EXERCISE GOAL ::
What you return must match the records exactly, except that the pictures are gone.

DATA SUPPLIED ::

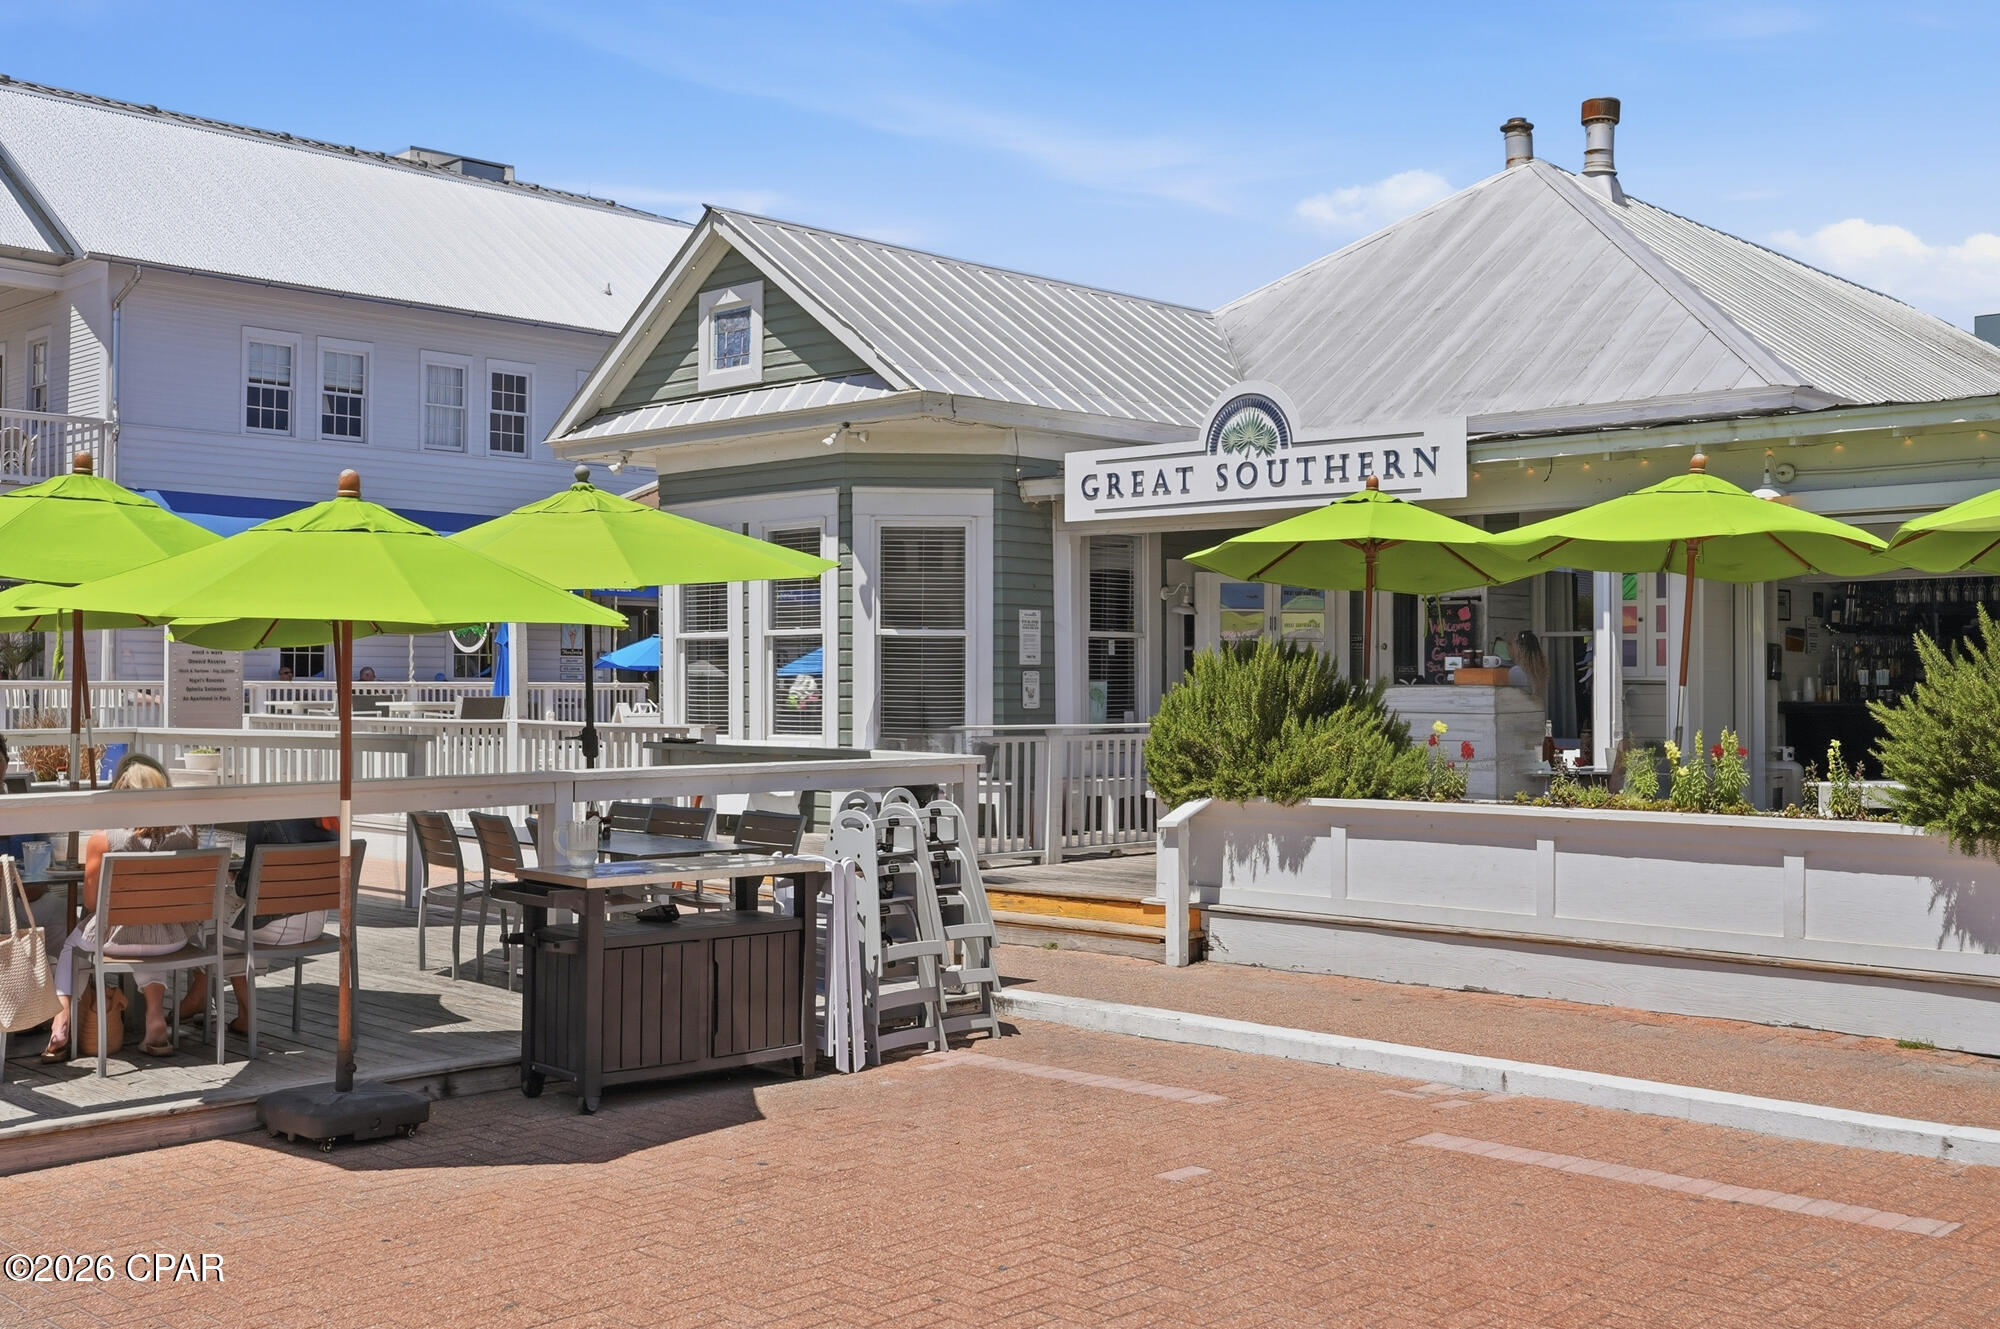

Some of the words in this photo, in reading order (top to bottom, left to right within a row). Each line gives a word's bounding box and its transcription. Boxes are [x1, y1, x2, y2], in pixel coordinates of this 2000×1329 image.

[1081, 466, 1194, 501] GREAT
[1215, 446, 1440, 492] SOUTHERN
[1434, 633, 1447, 647] to
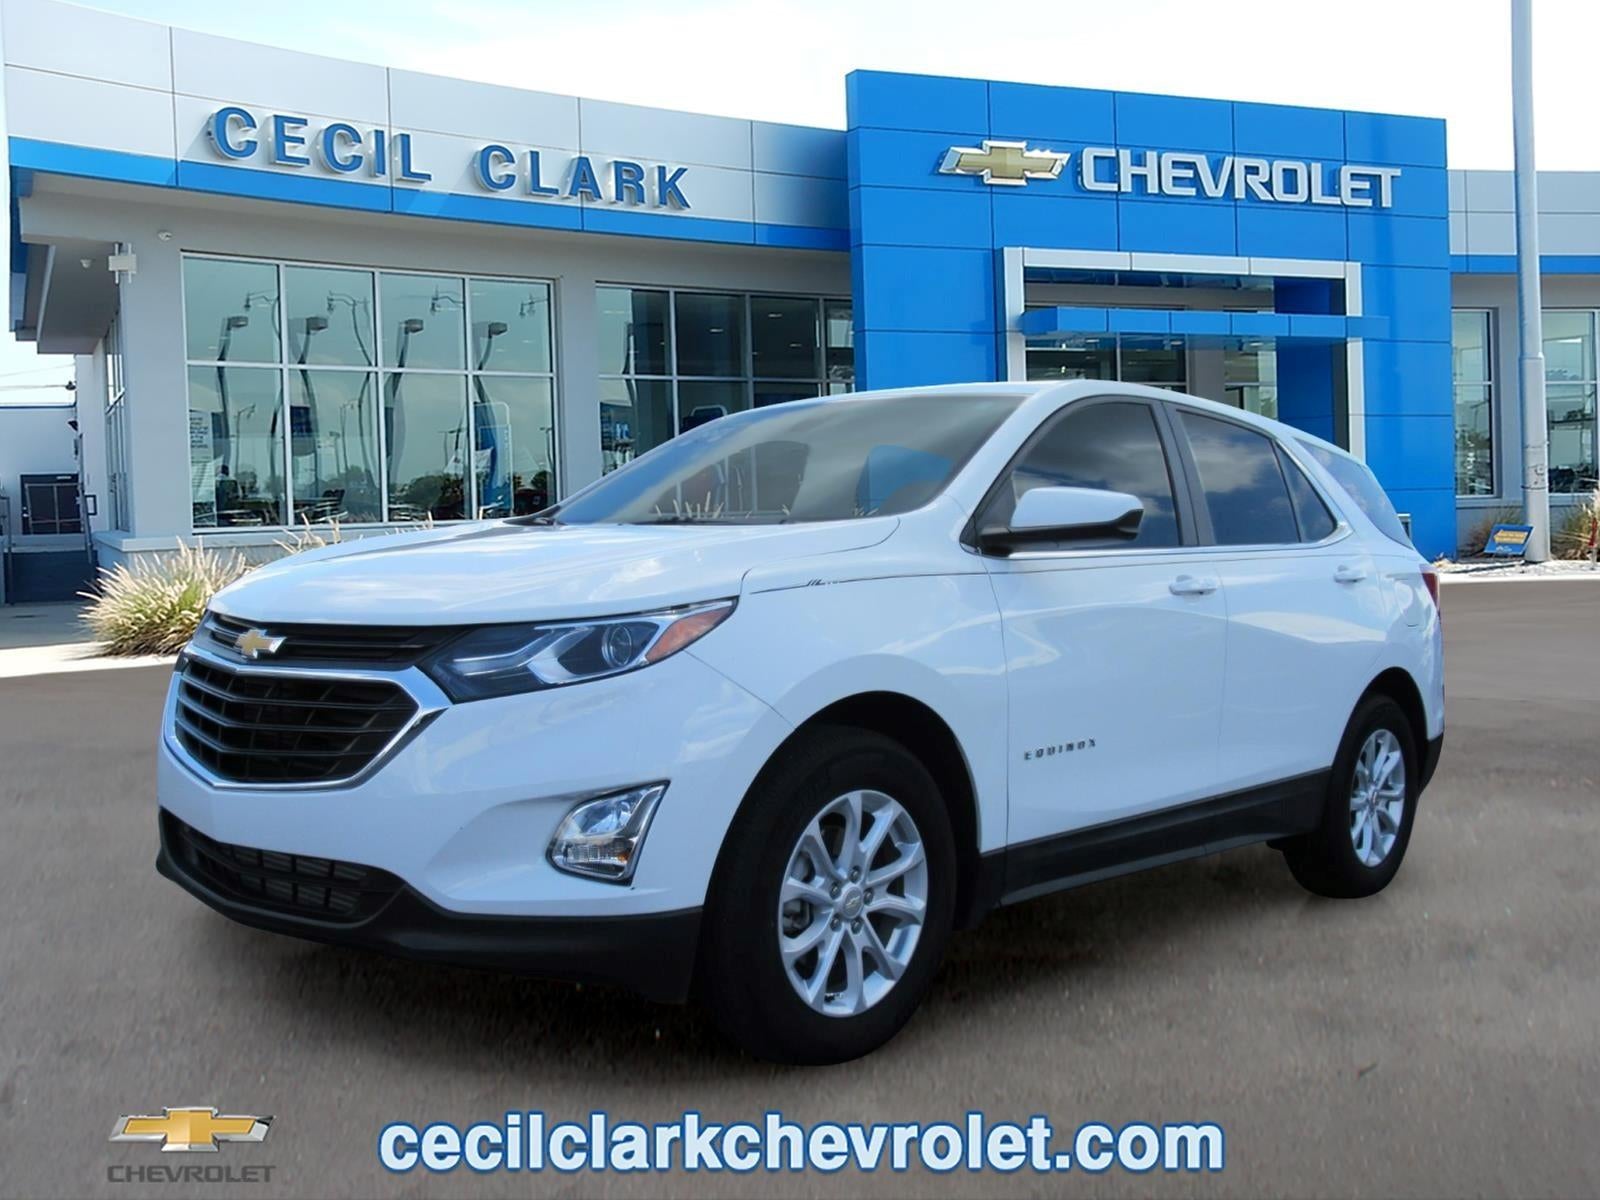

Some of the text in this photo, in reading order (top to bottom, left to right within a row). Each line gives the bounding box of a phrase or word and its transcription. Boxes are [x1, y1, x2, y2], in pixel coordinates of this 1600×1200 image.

[209, 106, 692, 209] CECIL CLARK
[1080, 147, 1401, 208] CHEVROLET
[1024, 738, 1096, 761] EQUINOX
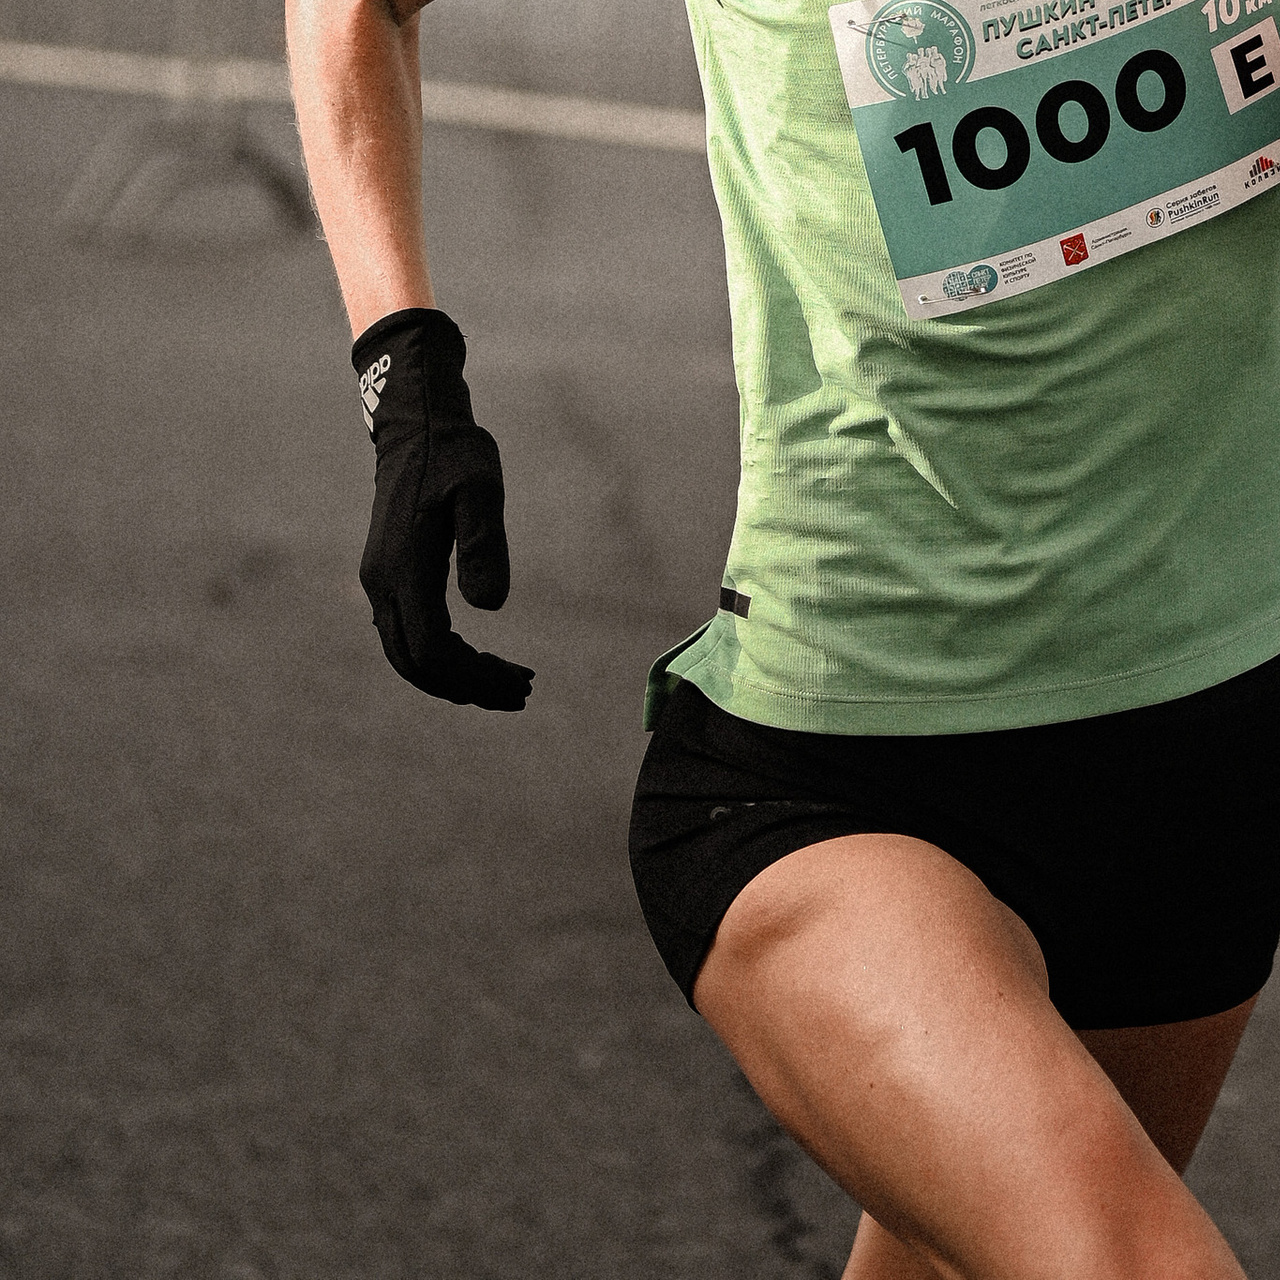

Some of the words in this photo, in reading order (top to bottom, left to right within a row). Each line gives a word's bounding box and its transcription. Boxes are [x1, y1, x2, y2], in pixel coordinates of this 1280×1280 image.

RESPONSE BOX ::
Some of the words in this photo, in reading order (top to bottom, left to right within a row). Each line gives a word's bounding box and its transcription. Boxes are [x1, y1, x2, y2], in pixel coordinates of this 2000×1329 image.

[1081, 466, 1194, 501] GREAT
[1215, 446, 1440, 492] SOUTHERN
[1434, 633, 1447, 647] to

Some of the text in this photo, in reading order (top to bottom, left to right within a row). Each line gives the bounding box of a phrase or word and its transcription. Boxes are [x1, y1, x2, y2], in pixel coordinates of this 1600×1200 image.

[209, 106, 692, 209] CECIL CLARK
[1080, 147, 1401, 208] CHEVROLET
[1024, 738, 1096, 761] EQUINOX

Some of the words in this photo, in reading order (top to bottom, left to right within a row). Each line gives a word's bounding box and its transcription. Boxes are [x1, y1, x2, y2], in pixel coordinates of this 1280×1280 image.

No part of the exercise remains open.